Léon Krier looks at linear super-city Neom

Leon Krier joins UK Column for the third part of our discussions about architecture and urban planning. In this interview, we look at city development for the future, and we start by focusing on Neom, the mirrored ‘line’ city of the Saudi Arabian desert. 

The Guardian reported in July 2022 that:

The promotional material is striking: two mirror-encased skyscrapers stretching more than 100 miles across a swathe of desert and mountain terrain, providing a future home for 9 million people. Is it the ultimate in high-density living, or a grandiose science fiction fantasy?

In short, economists, architects and analysts are not quite sure. So extravagant is Saudi Arabia’s plan to create an urban utopia that even those working on the project, known as the Line, do not yet know if its scale and scope can ever be realised.

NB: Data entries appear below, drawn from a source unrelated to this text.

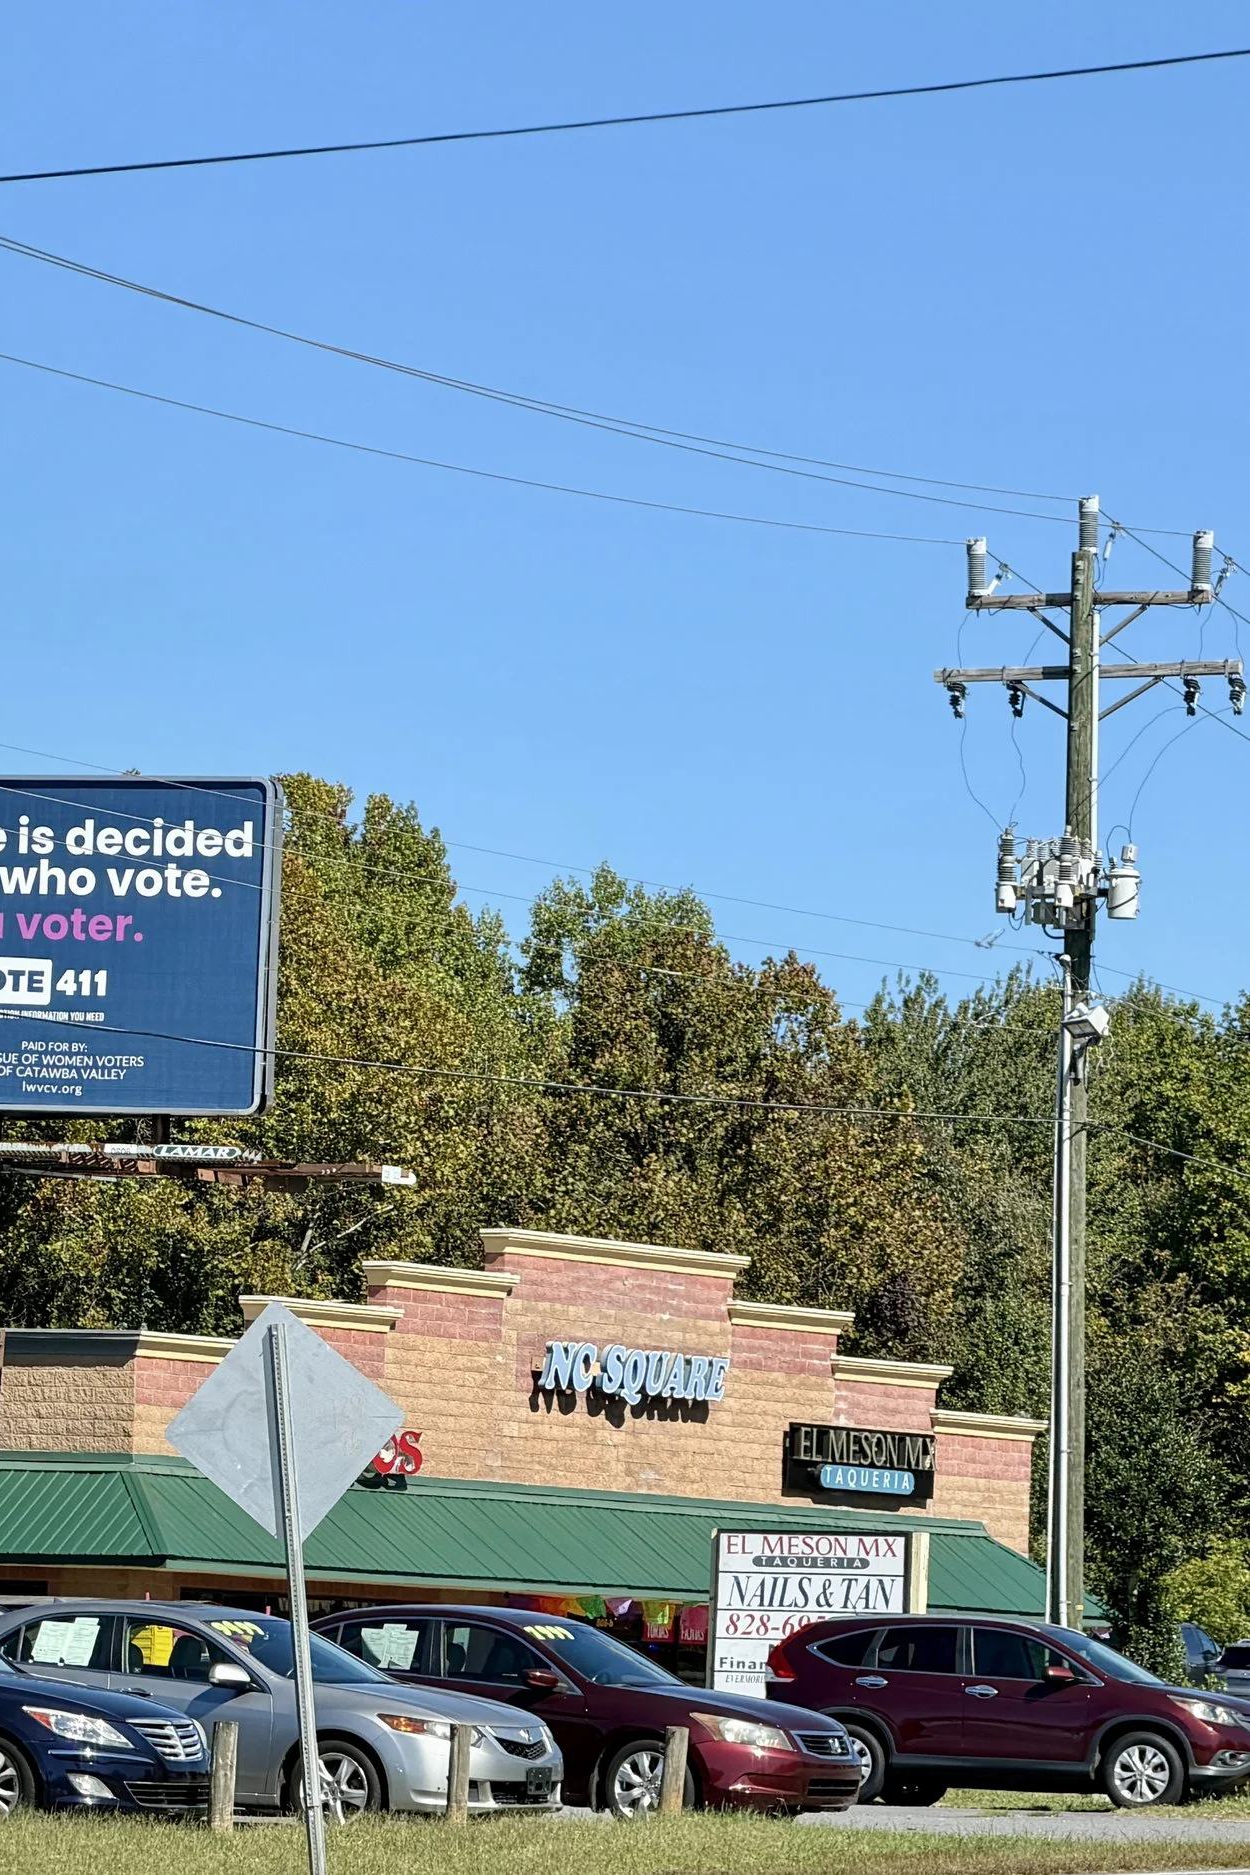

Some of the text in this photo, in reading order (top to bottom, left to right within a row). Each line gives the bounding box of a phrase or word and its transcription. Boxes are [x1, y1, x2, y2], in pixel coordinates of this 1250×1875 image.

[18, 815, 55, 855] is
[65, 817, 254, 858] decided
[107, 863, 223, 898] vote.
[16, 908, 144, 942] voter.
[56, 969, 108, 996] 411
[21, 1010, 69, 1022] INFORMATION
[70, 1012, 85, 1022] YOU
[86, 1012, 105, 1022] NEED
[21, 1041, 88, 1053] PAID FOR BY:
[22, 1054, 39, 1065] OF
[41, 1055, 94, 1067] WOMEN
[95, 1056, 145, 1067] VOTERS
[15, 1067, 78, 1079] CATAWBA
[80, 1068, 127, 1080] VALLEY
[22, 1081, 83, 1096] lwvcv.org
[161, 1145, 230, 1158] LAMAR
[538, 1341, 730, 1405] NC SQUARE
[799, 1427, 938, 1471] EL MESON MX
[825, 1466, 910, 1490] TAQUERIA
[726, 1535, 897, 1558] EL MESON MX
[761, 1557, 862, 1568] TAQUERIA
[726, 1575, 897, 1610] NAILS & TAN
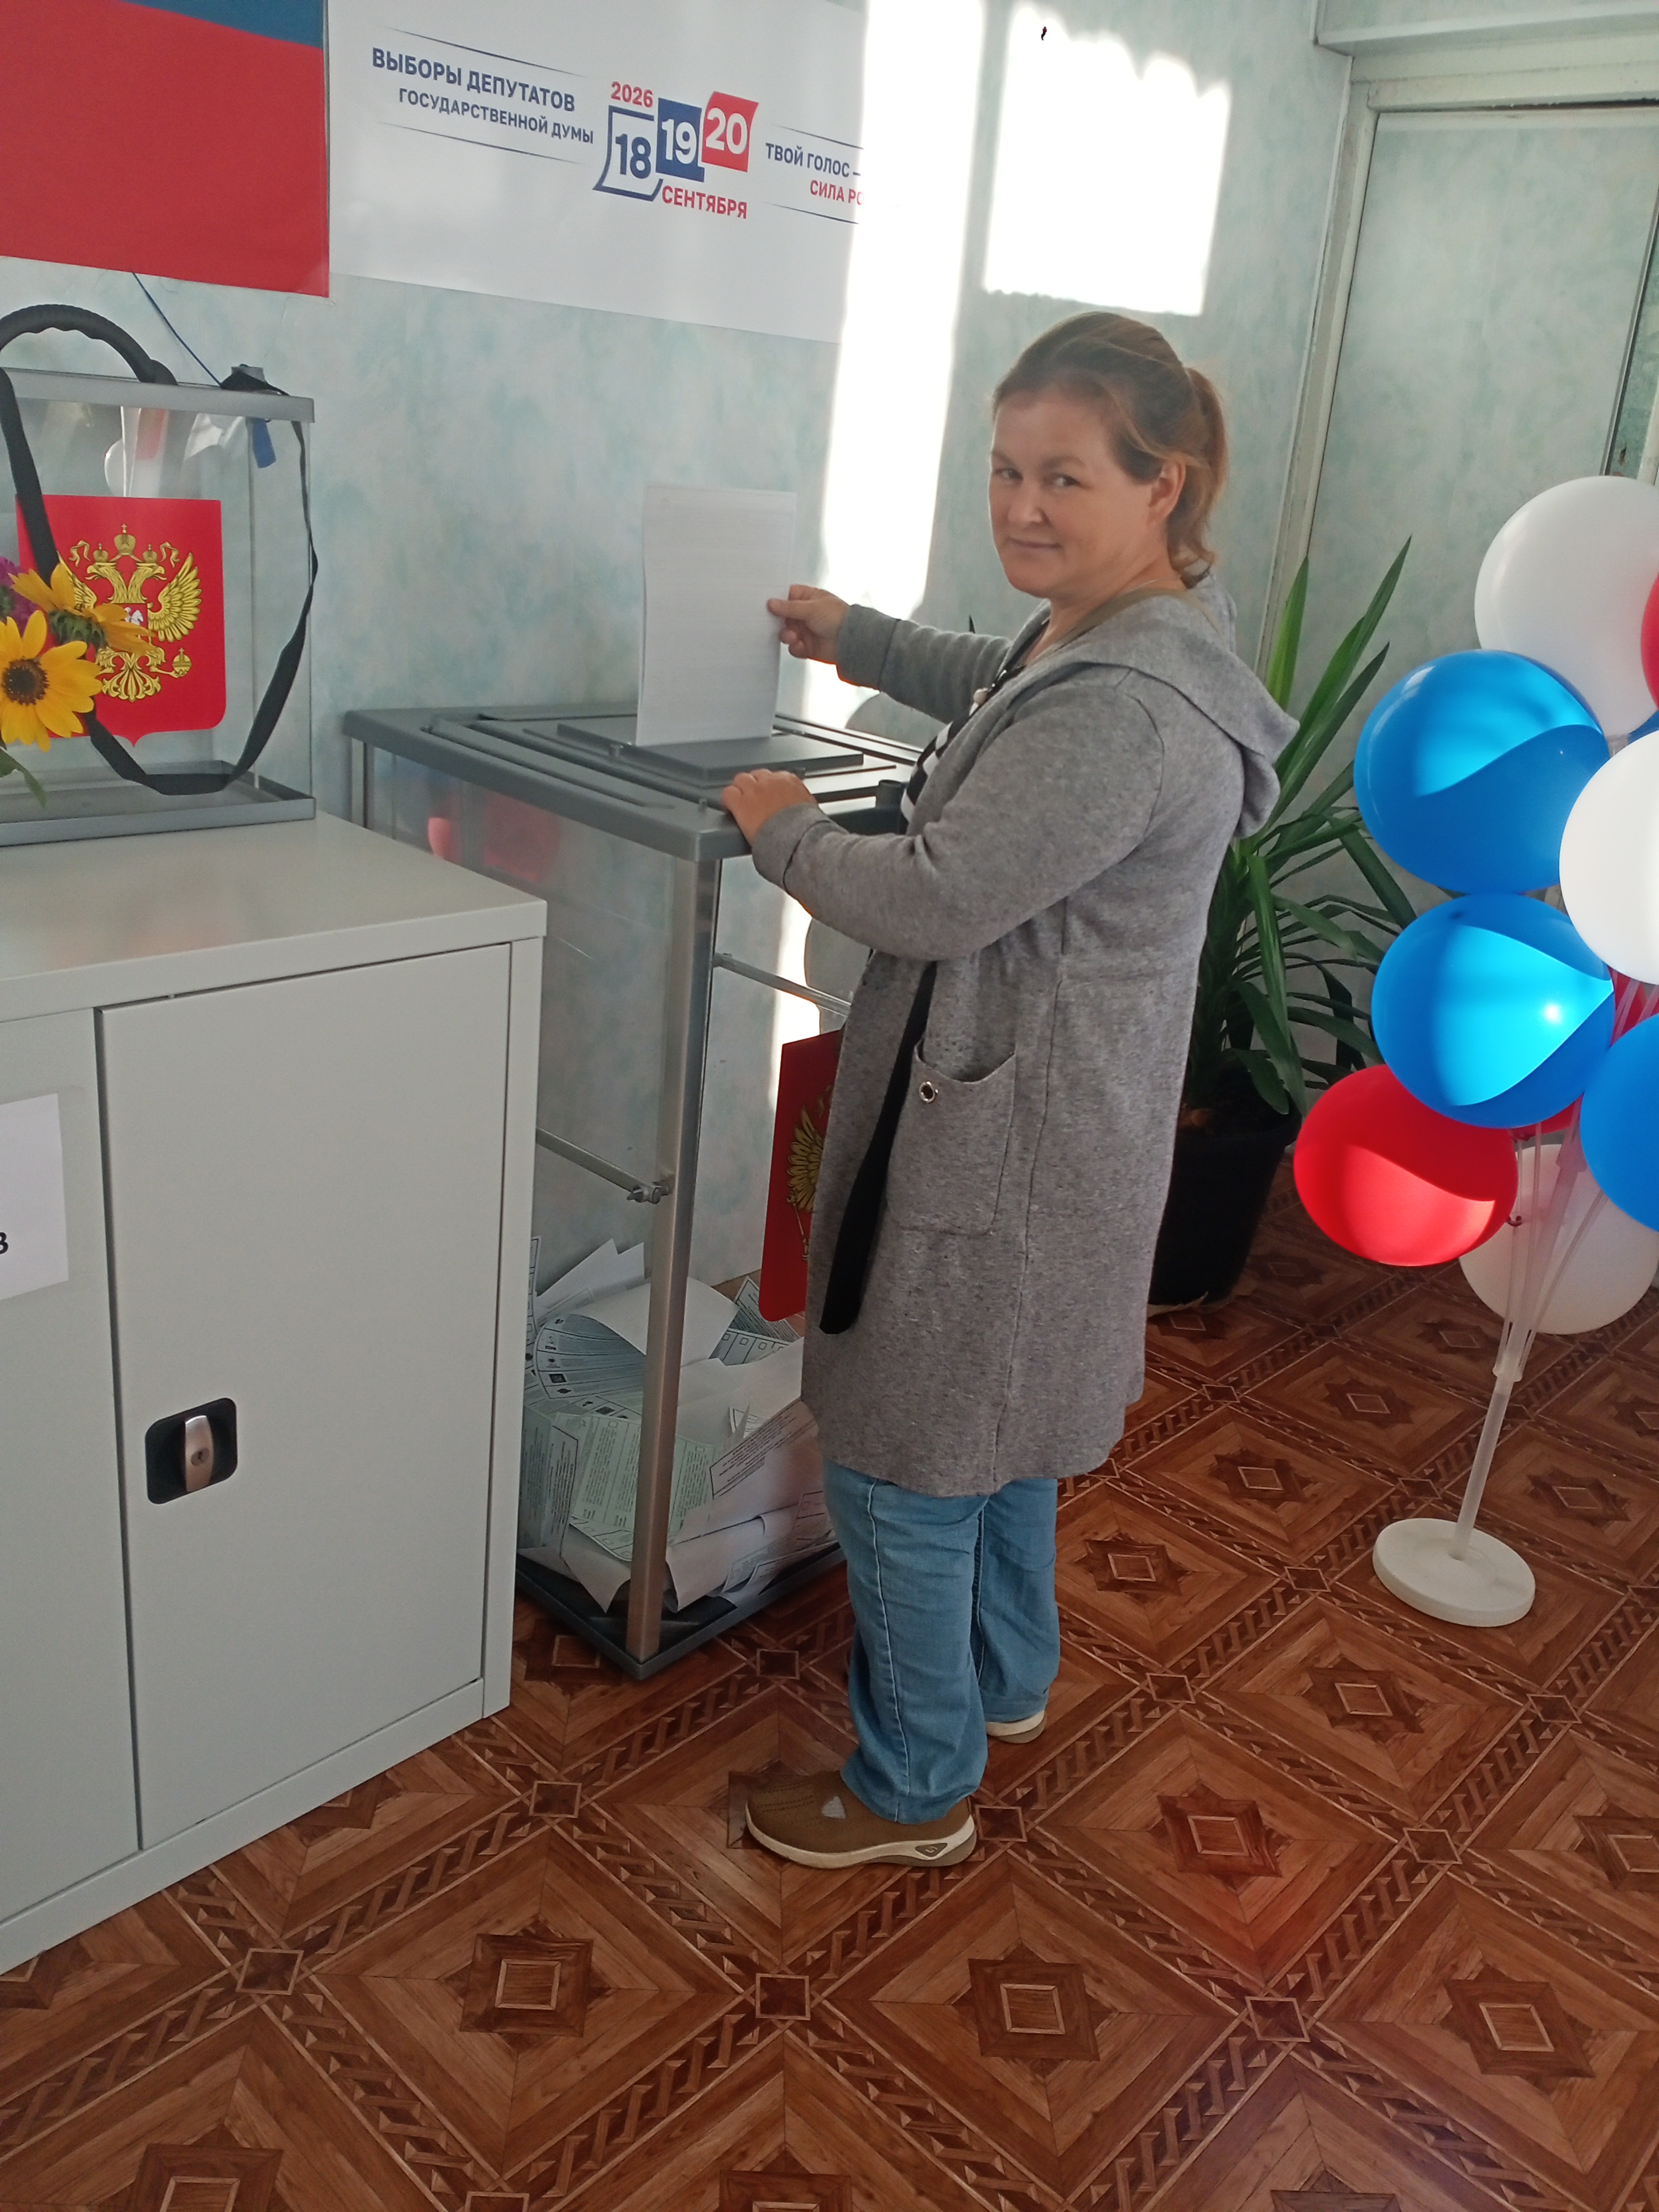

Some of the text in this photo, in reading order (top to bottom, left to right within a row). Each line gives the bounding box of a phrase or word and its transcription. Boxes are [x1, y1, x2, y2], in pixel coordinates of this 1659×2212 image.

[372, 47, 575, 111] ВЫБОРЫ ДЕПУТАТОВ
[611, 81, 653, 107] 2026
[399, 88, 593, 144] ГОСУДАРСТВЕННОЙ ДУМЫ
[615, 107, 748, 179] 18 19 20
[765, 143, 803, 166] ТВОЙ
[807, 153, 850, 178] ГОЛОС
[662, 185, 748, 219] СЕНТЯБРЯ
[810, 180, 844, 202] СИЛА
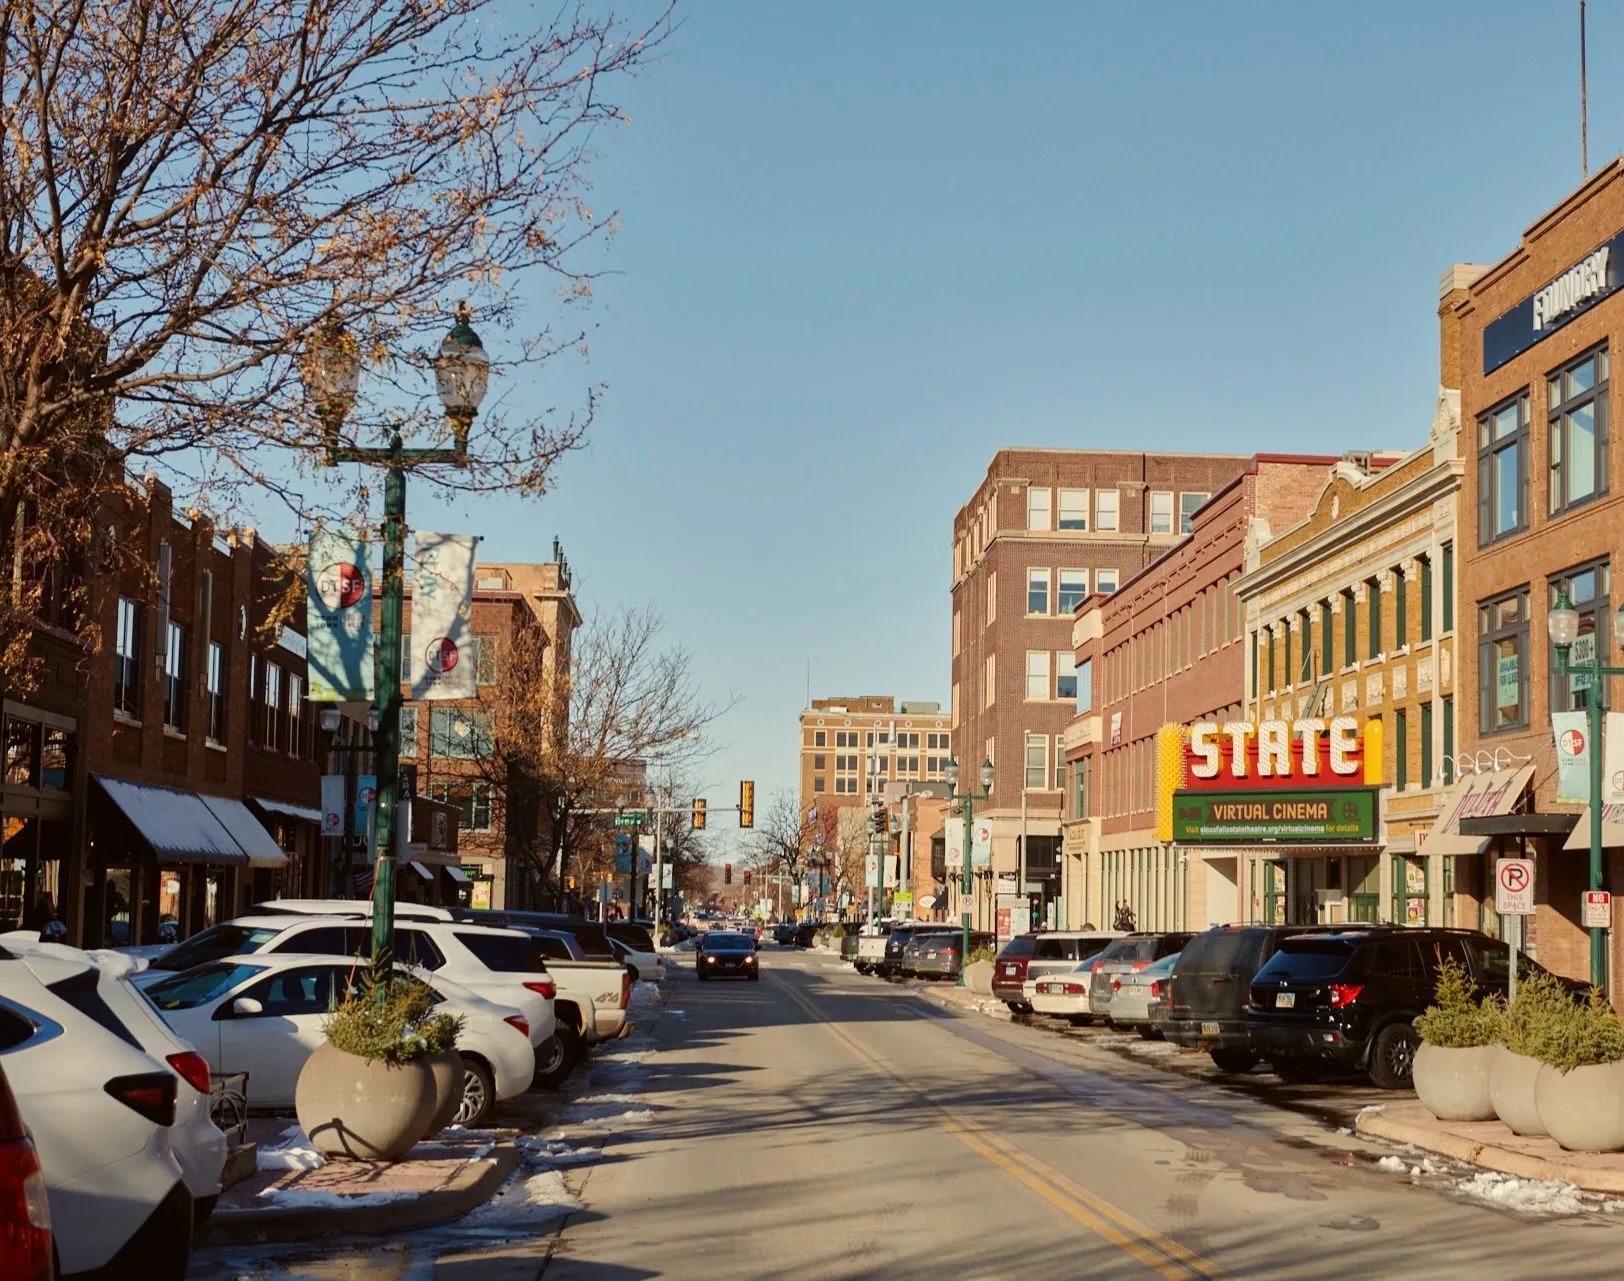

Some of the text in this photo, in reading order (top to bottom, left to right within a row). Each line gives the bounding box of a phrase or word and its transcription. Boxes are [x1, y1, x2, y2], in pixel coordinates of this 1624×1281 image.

According to the Saudis, artificial intelligence will be central to how people live in the 500-metre-high, 200-metre-wide structure, a car-free, carbon neutral bubble that will boast near total sustainability and a temperate, regulated microclimate. Past environmental pledges by the kingdom, such as a vow to achieve net zero carbon emissions by 2060, have prompted scepticism from environmentalists.

For more information, the reader will need to consult the official Neom city website, where the visitor is met with an image-heavy view of the project. 

In this interview, following two short video clips presenting the Neom project, Krier describes the new city as an absurdity which makes promises that do not correspond to reality. He remains unimpressed with the ultra-high technology of The Line and argues that we should still accept low-tech construction, particularly where it is appropriate and effective: for example, using mud construction in hot, arid climes.

He highlights that much of contemporary urban zone development is promoted heavily on the back of growth models which nobody controls. He also describes territorial zoning as ‘planning massification’, which in turn catalyses uniformity in architecture, economic class and community. These are all points which, he reminds us, the then Prince Charles, Krier’s former architectural patron, challenged as a lone voice amongst ‘a band of [architectural and planning] criminals’.

In the latter part of the interview, Krier expresses his concern over Ukraine and President Zelensky’s invitation to BlackRock to plan for the future. He warns that there will be no small-scale development and much will be ‘robotised’: jobs and the human element will be phased out. 

Krier ends by considering what it is that people strive for: to build their own house and be able to grow food for themselves. Our final comment is on Léon Krier’s attractive, low-cost wood construction home in the Seaside community in Florida.